Two days after the 10/7 terrorist attack on Israel, I spoke with my friend Liel Liebowitz who is an Israeli journalist.

Words fail.

Not knowing what to say, I simply asked him a question.

“What have the last two days been like for you?”

Liel replied:

“You know, Jason, I am a ninth generation Israeli. I served in the Israeli Defense Force. I have endured many gun battles. I've survived several wars. I know from this, I'm no squish, but when I started receiving frantic phone calls from my family in Israel, unusual on a Shabbat morning, and I rushed to look at these horrendous images and I was shocked not only to see what was happening, but to see, in an unprecedented manner, these atrocities being live streamed on the internet, to see terrorists rushing into the home of an eighty-five year old woman, grabbing her phone, torturing and murdering her while filming their crimes on her own phone and then posting it to her own Facebook page so that her family would see their atrocities. Even after everything I saw during my years of service, this was a level of demonic barbarism that shocks me. To see Jews, once again, go like sheep to the slaughter, our babies like sheep to the slaughter— our horror, it’s indescribable.”

Though words fail to capture the indescribable, words are nonetheless necessary for Jews to remember (as they have always had to remember). Thus, Liel has begun a project for Tablet Magazine, archiving eyewitness testimonies from the Hamas massacre in Israel. I asked Liel to share some of the accounts he has documented.

He told me about the five star chefs in Tel Aviv who immediately turned their restaurant kitchens kosher so they could send food to the front lines. 

He told me about the Jewish businessman at the El Al ticket counter at JFK in New York, who took out his credit card, held it up in the air, and announced to everyone in line, “This credit card has a cash limit of half a million dollars. Anyone who can show me a note from the Israeli army that he or she is going back to fight in this war, I will pay for your ticket right now.”

He told me about an elderly cab driver in southern Israel who was driving around Saturday morning when he came across a bunch teenagers running, covered in blood, hysterical, barefoot. “So the old man— he’s in his 70’s,” Liel told me, “he stops and picks them up in his cab and asks what had happened. And they tell him that they had been to this music festival when terrorists came. As the cab driver explained it to me, “Right then and there, I understood, I have to save as many of them as I could.”

And then Liel said to me:

“This old man drove around for over an hour under heavy gunfire, grenades, RPGs flying like right over his head, picking up as many kids as he could, cramming them into his cab. He saved something like thirty or forty lives.”

After I listened to some of the stories Liel has collected, I asked my friend what Christians could do for Jews.

“Well,” he said, “I think it’s really very easy. It really is three simple things. The first is call a Jewish friend.

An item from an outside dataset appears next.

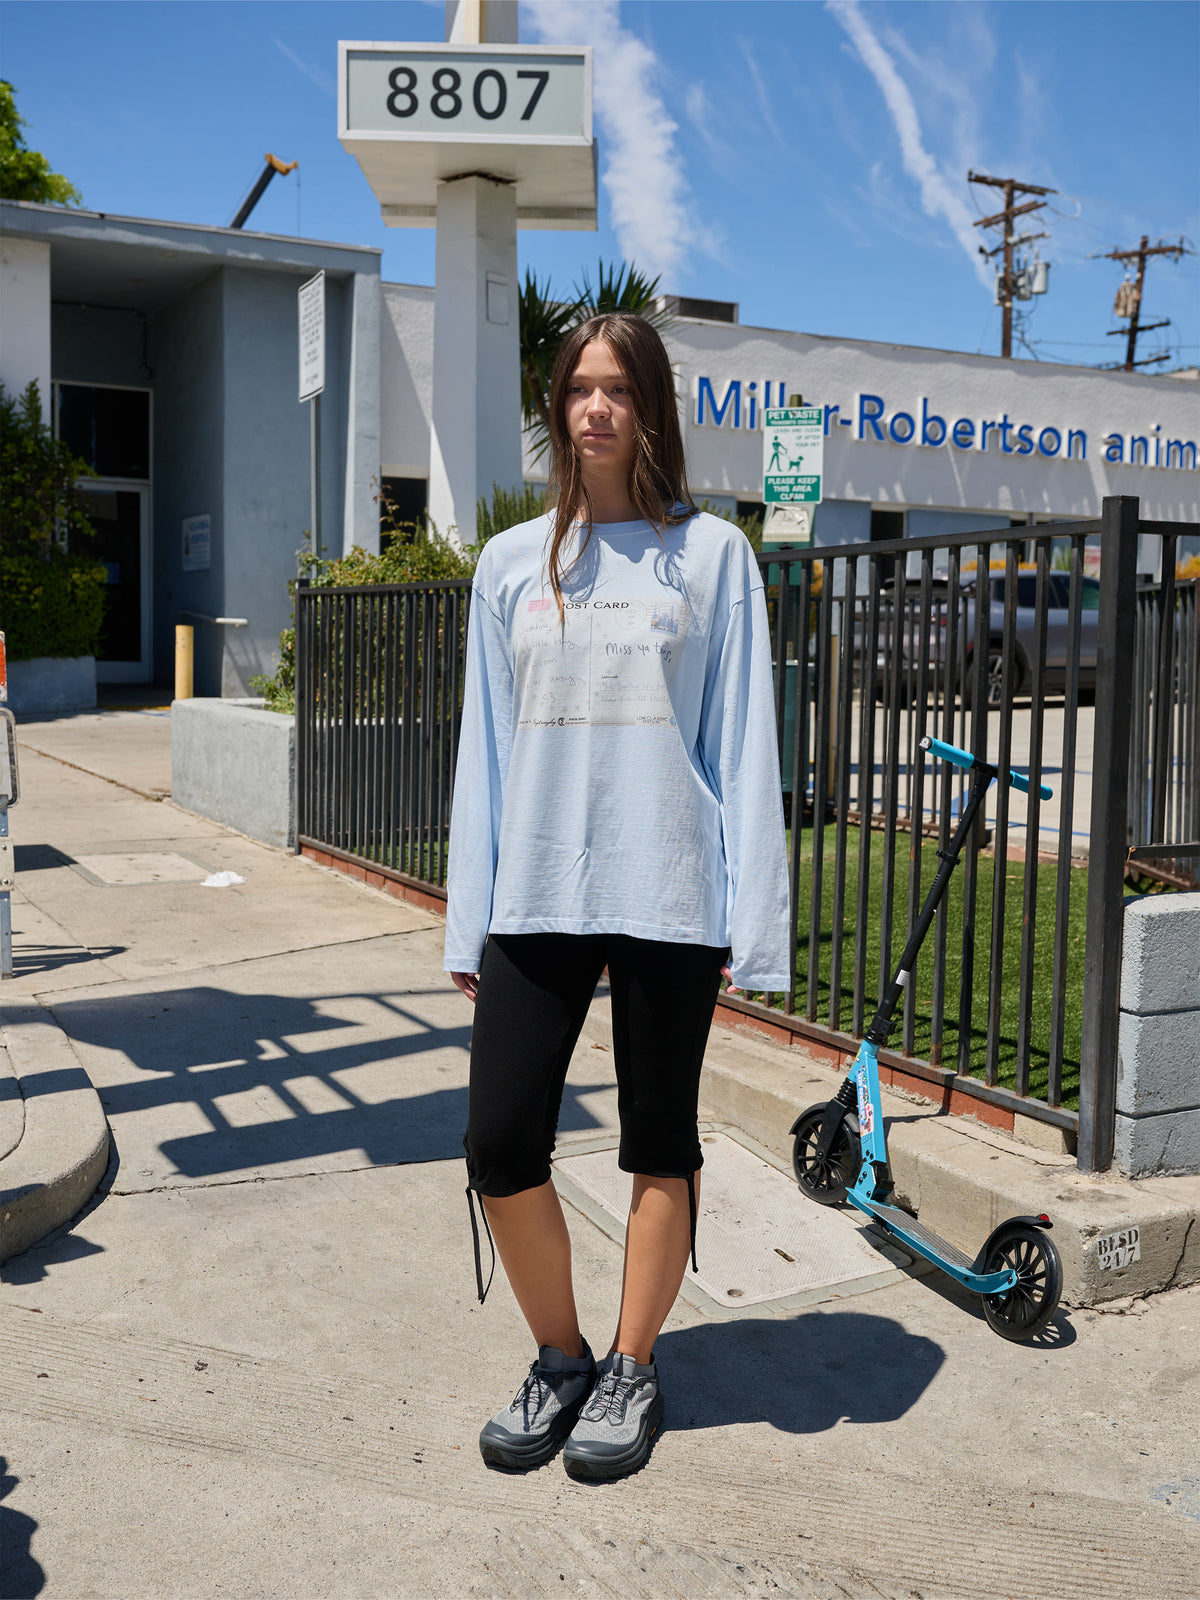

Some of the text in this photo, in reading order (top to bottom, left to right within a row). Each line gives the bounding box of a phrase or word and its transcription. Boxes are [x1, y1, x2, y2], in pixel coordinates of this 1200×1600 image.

The second thing you could do is double down on being great Christians: worship God, study his word, and commit yourselves to the teachings of our faith.”

After we stopped recording, I said to Liel, “You said there were three things we could do.”

“What’s that?” he asked.

“Three things— you said there were three things Christians can do but you only mentioned two of them.”

“And the third one is the most important one of all!” he exclaimed, “especially for clergy!”

“What is it?”

“Remind your people that salvation is of the Jews. Remind Christians that salvation is from the Jews.”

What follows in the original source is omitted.